=== Begin Enclosure ===

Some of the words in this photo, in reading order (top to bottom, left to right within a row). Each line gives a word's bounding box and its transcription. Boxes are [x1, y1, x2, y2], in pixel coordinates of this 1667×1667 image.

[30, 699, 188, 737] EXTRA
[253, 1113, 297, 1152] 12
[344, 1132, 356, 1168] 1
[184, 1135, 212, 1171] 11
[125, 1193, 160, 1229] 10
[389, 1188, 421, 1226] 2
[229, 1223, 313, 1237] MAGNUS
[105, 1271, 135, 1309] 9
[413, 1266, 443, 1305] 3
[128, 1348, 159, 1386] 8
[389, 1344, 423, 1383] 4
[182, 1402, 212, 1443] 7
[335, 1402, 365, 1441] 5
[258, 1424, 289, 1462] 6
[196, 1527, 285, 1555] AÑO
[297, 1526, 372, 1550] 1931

=== End Enclosure ===

Output the whole listing exactly.

Some of the words in this photo, in reading order (top to bottom, left to right within a row). Each line gives a word's bounding box and its transcription. Boxes are [x1, y1, x2, y2], in pixel coordinates of this 1667×1667 image.

[30, 699, 188, 737] EXTRA
[253, 1113, 297, 1152] 12
[344, 1132, 356, 1168] 1
[184, 1135, 212, 1171] 11
[125, 1193, 160, 1229] 10
[389, 1188, 421, 1226] 2
[229, 1223, 313, 1237] MAGNUS
[105, 1271, 135, 1309] 9
[413, 1266, 443, 1305] 3
[128, 1348, 159, 1386] 8
[389, 1344, 423, 1383] 4
[182, 1402, 212, 1443] 7
[335, 1402, 365, 1441] 5
[258, 1424, 289, 1462] 6
[196, 1527, 285, 1555] AÑO
[297, 1526, 372, 1550] 1931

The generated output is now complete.